══ Input material ══

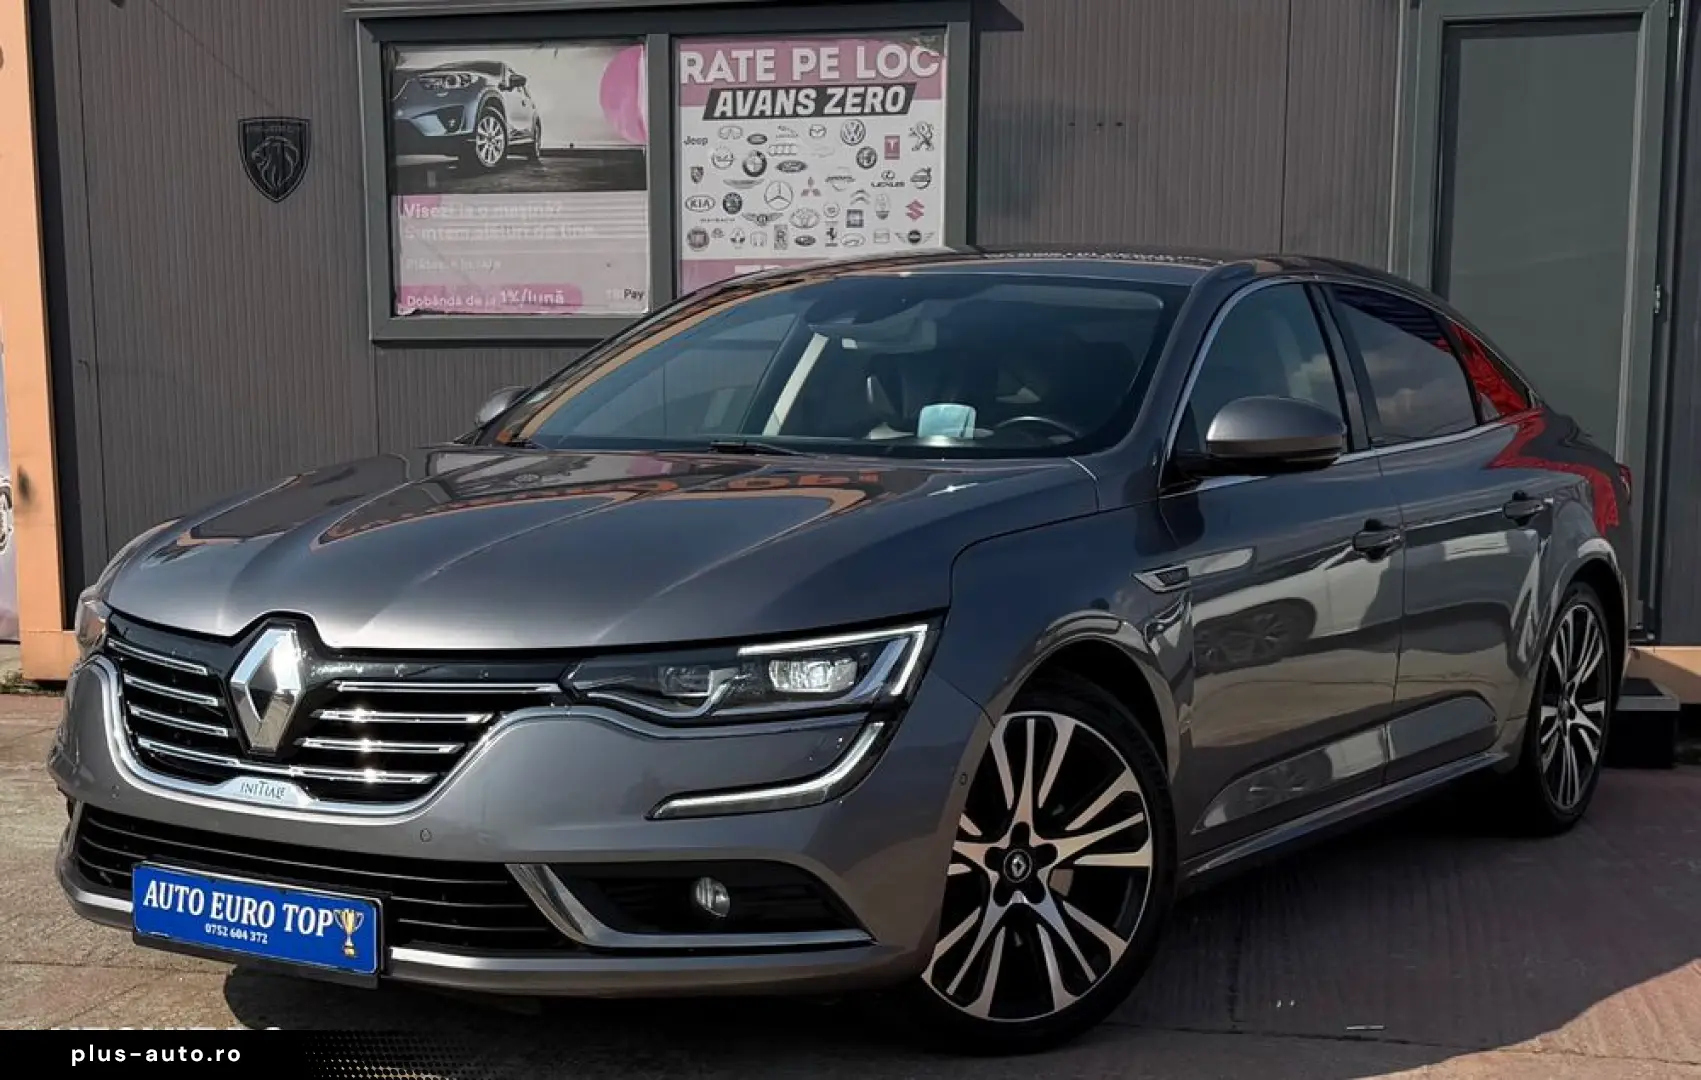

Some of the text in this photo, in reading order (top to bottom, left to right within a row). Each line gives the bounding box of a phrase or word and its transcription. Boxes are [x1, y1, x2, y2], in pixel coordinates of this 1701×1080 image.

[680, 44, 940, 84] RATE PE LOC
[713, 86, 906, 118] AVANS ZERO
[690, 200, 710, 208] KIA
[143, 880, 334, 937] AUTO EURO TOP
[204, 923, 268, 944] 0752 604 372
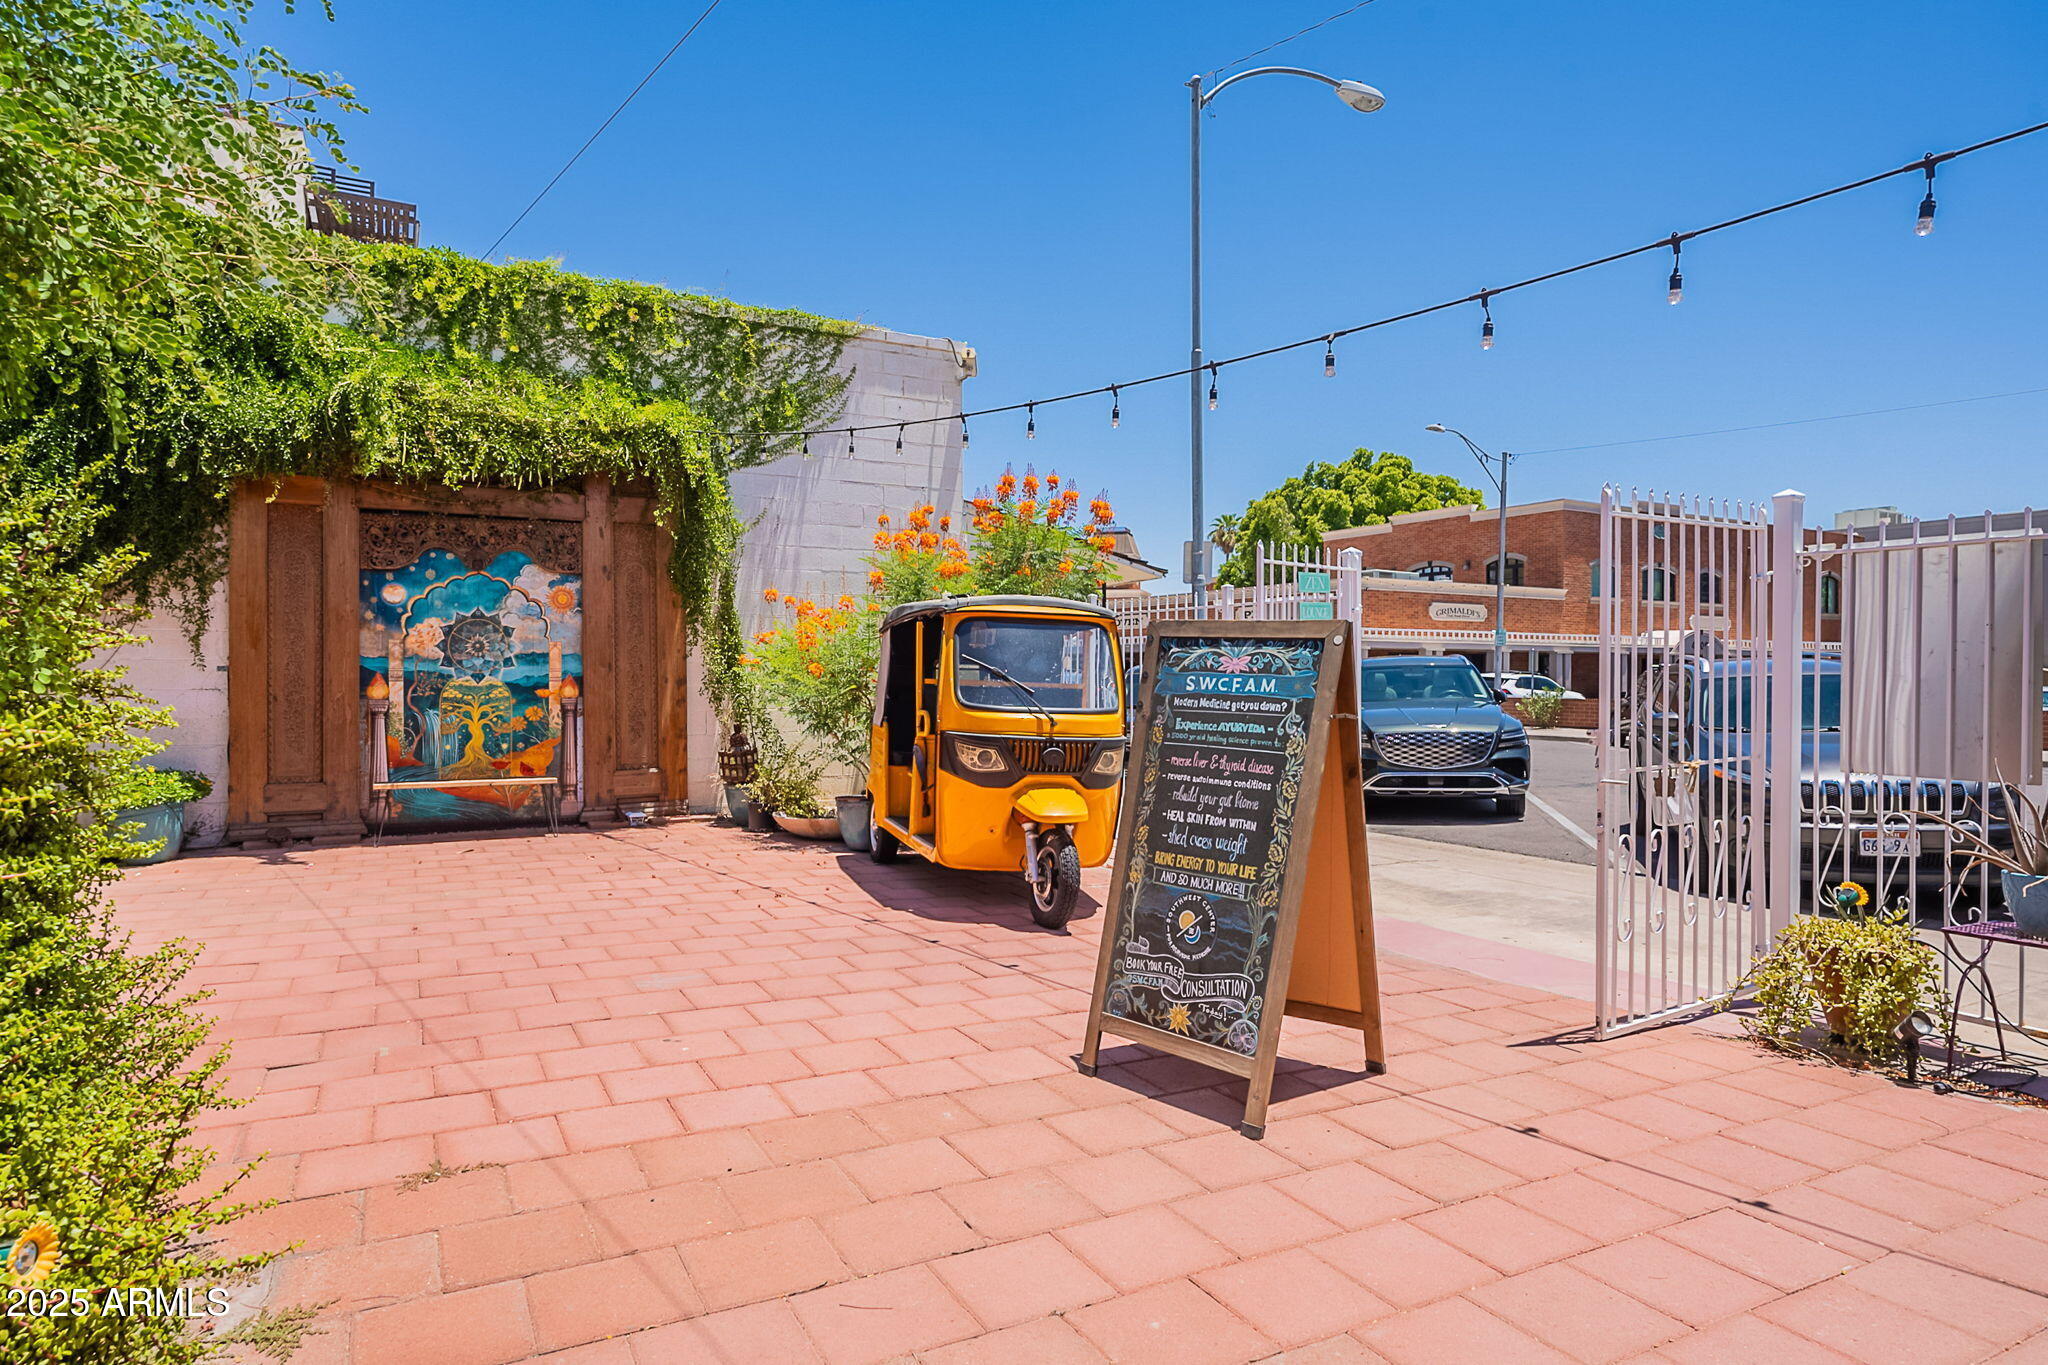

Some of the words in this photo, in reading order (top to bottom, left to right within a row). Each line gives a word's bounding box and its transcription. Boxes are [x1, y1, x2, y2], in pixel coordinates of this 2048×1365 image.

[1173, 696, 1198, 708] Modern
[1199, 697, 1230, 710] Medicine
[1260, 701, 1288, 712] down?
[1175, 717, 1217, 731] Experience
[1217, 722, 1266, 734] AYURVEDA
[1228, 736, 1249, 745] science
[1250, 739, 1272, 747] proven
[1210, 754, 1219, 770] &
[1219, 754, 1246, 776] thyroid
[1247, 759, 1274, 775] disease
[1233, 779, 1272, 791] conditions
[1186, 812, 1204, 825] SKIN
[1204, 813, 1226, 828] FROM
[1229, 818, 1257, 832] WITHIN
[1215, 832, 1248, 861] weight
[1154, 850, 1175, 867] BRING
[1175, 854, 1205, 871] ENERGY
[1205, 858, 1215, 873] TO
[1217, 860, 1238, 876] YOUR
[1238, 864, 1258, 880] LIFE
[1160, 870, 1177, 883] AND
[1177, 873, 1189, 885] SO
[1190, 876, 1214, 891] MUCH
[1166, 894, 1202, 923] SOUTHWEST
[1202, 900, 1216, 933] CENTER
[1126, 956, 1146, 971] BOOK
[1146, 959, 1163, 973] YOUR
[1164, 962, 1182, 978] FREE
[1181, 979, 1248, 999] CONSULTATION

═══

Requirement:
Pictures stay out; everything else in the listing above gets restated word for word.

Output of the exercise:
Some of the text in this photo, in reading order (top to bottom, left to right within a row). Each line gives the bounding box of a phrase or word and its transcription. Boxes are [x1, y1, x2, y2], in pixel coordinates of this 1701×1080 image.

[680, 44, 940, 84] RATE PE LOC
[713, 86, 906, 118] AVANS ZERO
[690, 200, 710, 208] KIA
[143, 880, 334, 937] AUTO EURO TOP
[204, 923, 268, 944] 0752 604 372

Some of the words in this photo, in reading order (top to bottom, left to right within a row). Each line gives a word's bounding box and its transcription. Boxes are [x1, y1, x2, y2], in pixel coordinates of this 2048×1365 image.

[1173, 696, 1198, 708] Modern
[1199, 697, 1230, 710] Medicine
[1260, 701, 1288, 712] down?
[1175, 717, 1217, 731] Experience
[1217, 722, 1266, 734] AYURVEDA
[1228, 736, 1249, 745] science
[1250, 739, 1272, 747] proven
[1210, 754, 1219, 770] &
[1219, 754, 1246, 776] thyroid
[1247, 759, 1274, 775] disease
[1233, 779, 1272, 791] conditions
[1186, 812, 1204, 825] SKIN
[1204, 813, 1226, 828] FROM
[1229, 818, 1257, 832] WITHIN
[1215, 832, 1248, 861] weight
[1154, 850, 1175, 867] BRING
[1175, 854, 1205, 871] ENERGY
[1205, 858, 1215, 873] TO
[1217, 860, 1238, 876] YOUR
[1238, 864, 1258, 880] LIFE
[1160, 870, 1177, 883] AND
[1177, 873, 1189, 885] SO
[1190, 876, 1214, 891] MUCH
[1166, 894, 1202, 923] SOUTHWEST
[1202, 900, 1216, 933] CENTER
[1126, 956, 1146, 971] BOOK
[1146, 959, 1163, 973] YOUR
[1164, 962, 1182, 978] FREE
[1181, 979, 1248, 999] CONSULTATION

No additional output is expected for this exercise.